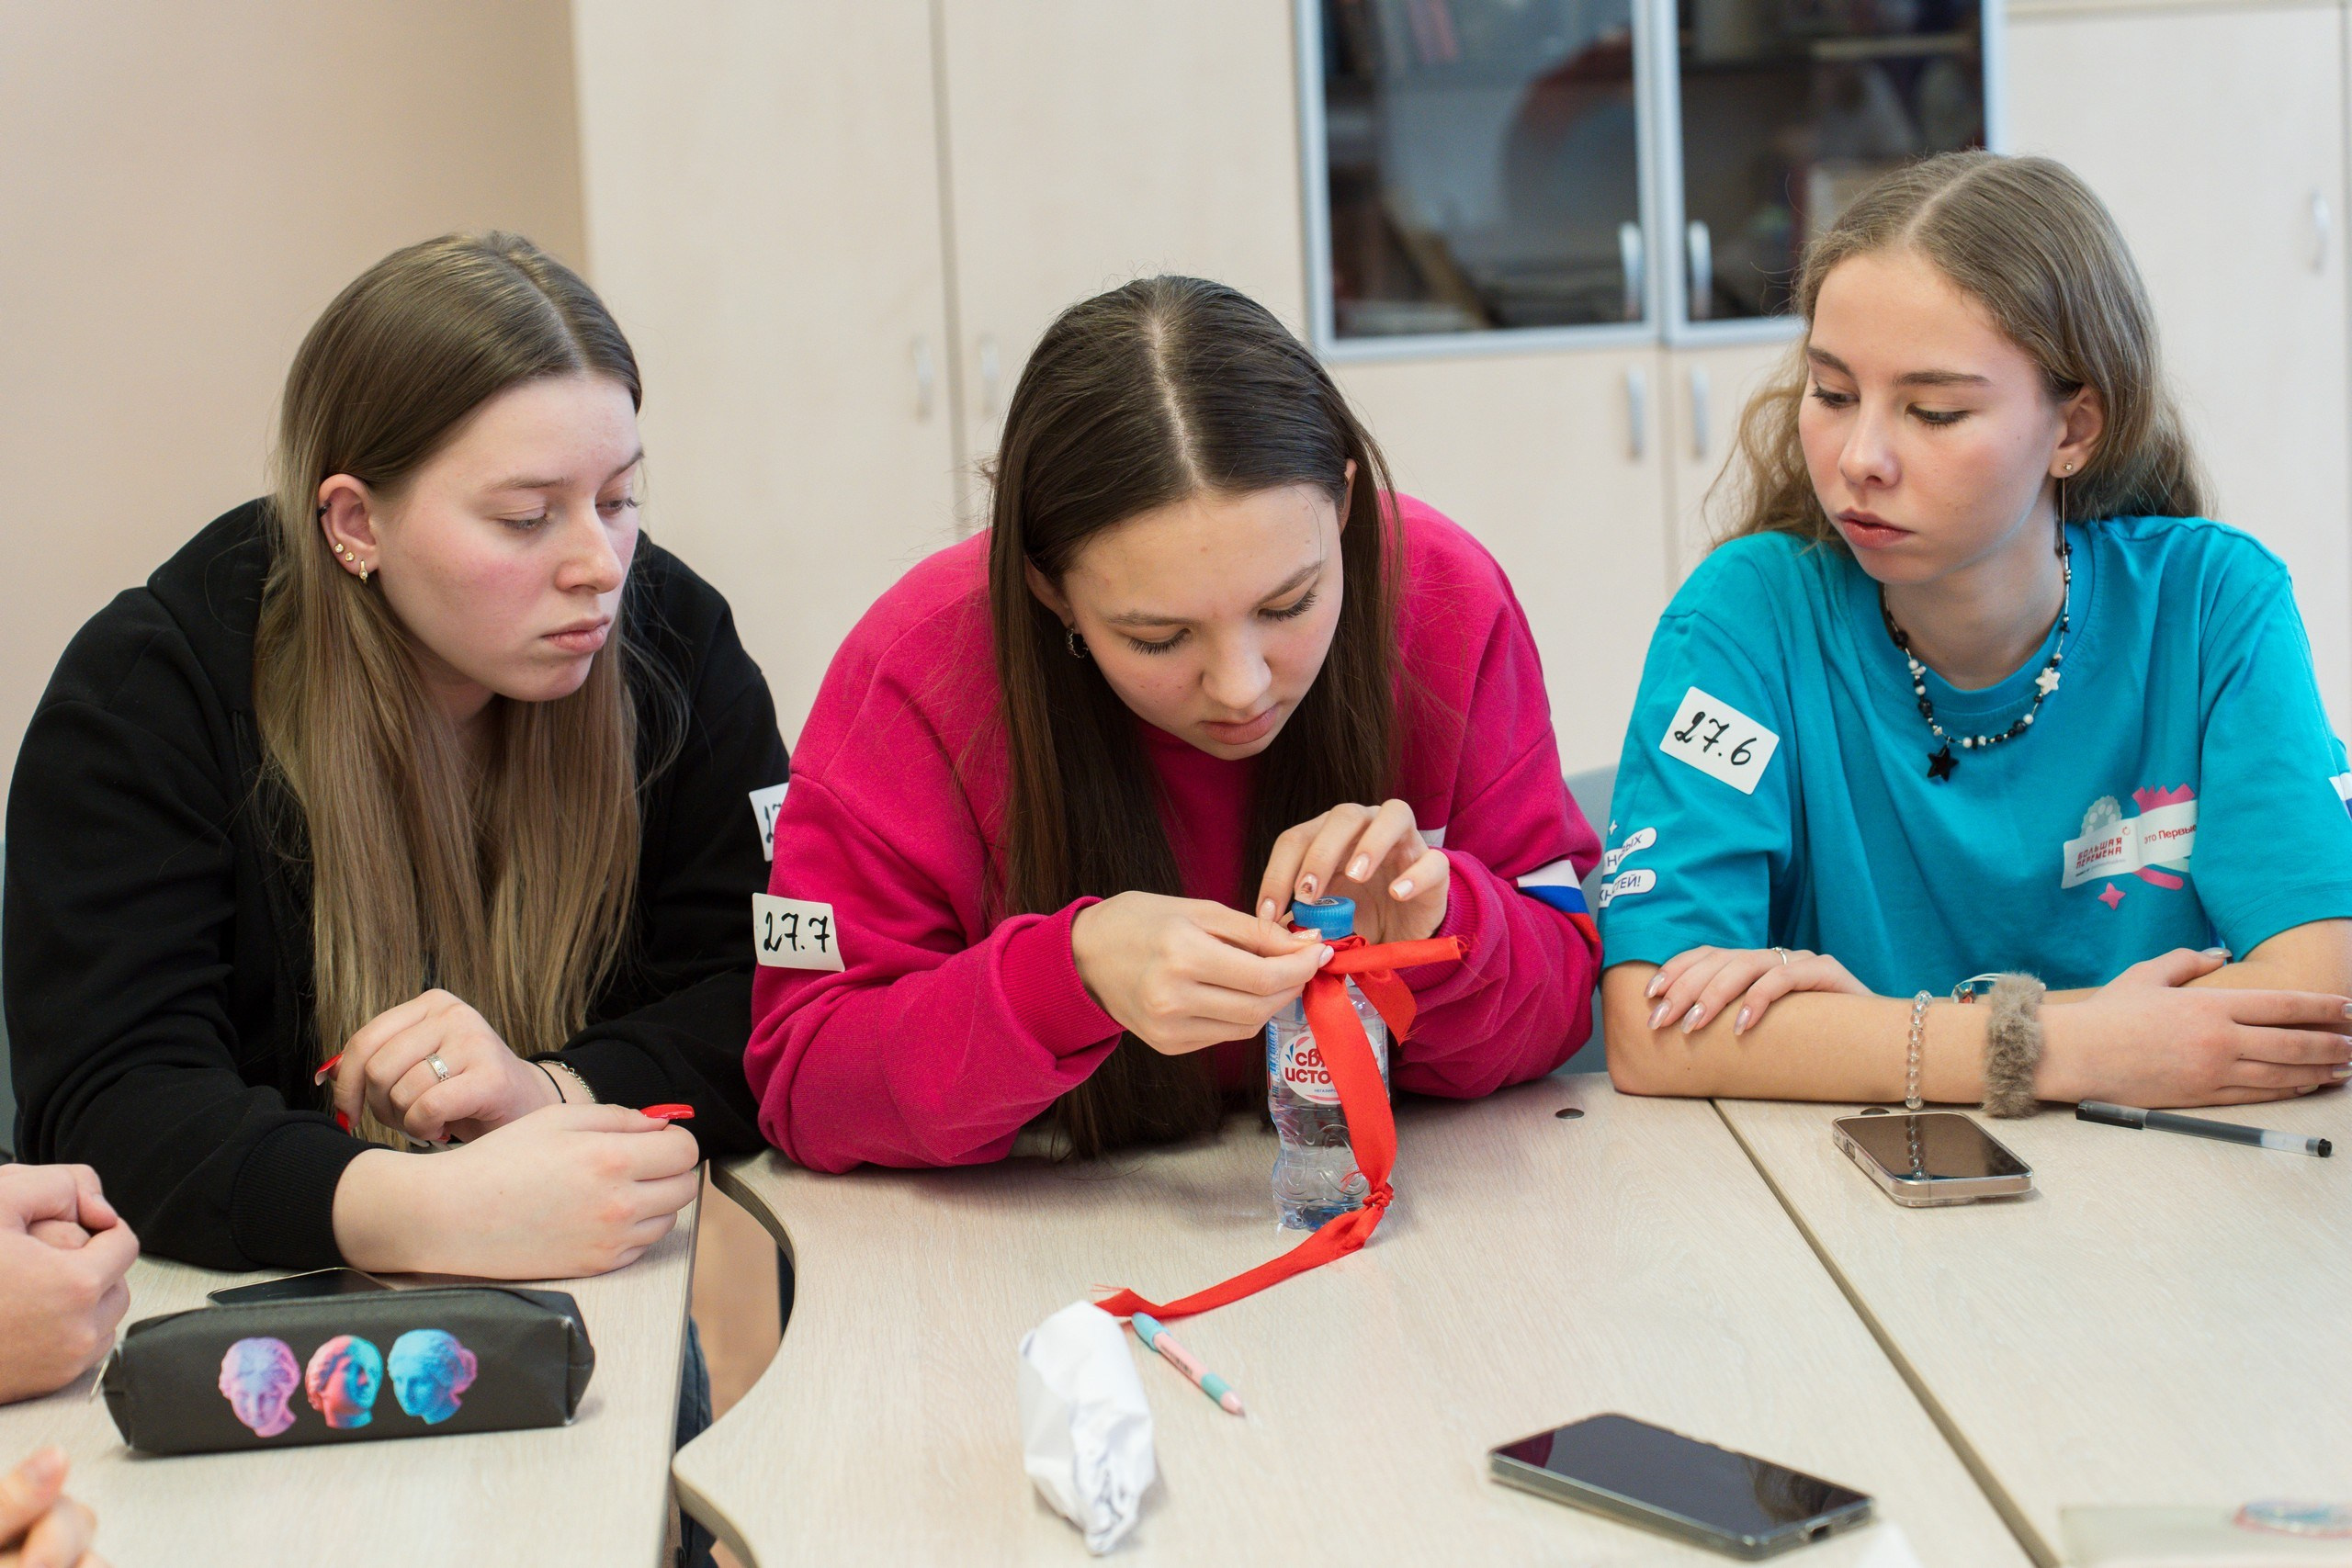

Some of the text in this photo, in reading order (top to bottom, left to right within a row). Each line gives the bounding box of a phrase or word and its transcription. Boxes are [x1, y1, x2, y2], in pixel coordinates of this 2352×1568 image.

[1674, 711, 1758, 766] 27.6
[2076, 846, 2122, 869] ПЕРЕМЕНА
[2077, 837, 2122, 861] БОЛЬШАЯ
[763, 911, 831, 953] 27.7
[1284, 1067, 1331, 1084] ИСТО

____

Set down every record once more, word for word, without pictures.

Some of the text in this photo, in reading order (top to bottom, left to right within a row). Each line gives the bounding box of a phrase or word and its transcription. Boxes are [x1, y1, x2, y2], in pixel coordinates of this 2352×1568 image.

[1674, 711, 1758, 766] 27.6
[2076, 846, 2122, 869] ПЕРЕМЕНА
[2077, 837, 2122, 861] БОЛЬШАЯ
[763, 911, 831, 953] 27.7
[1284, 1067, 1331, 1084] ИСТО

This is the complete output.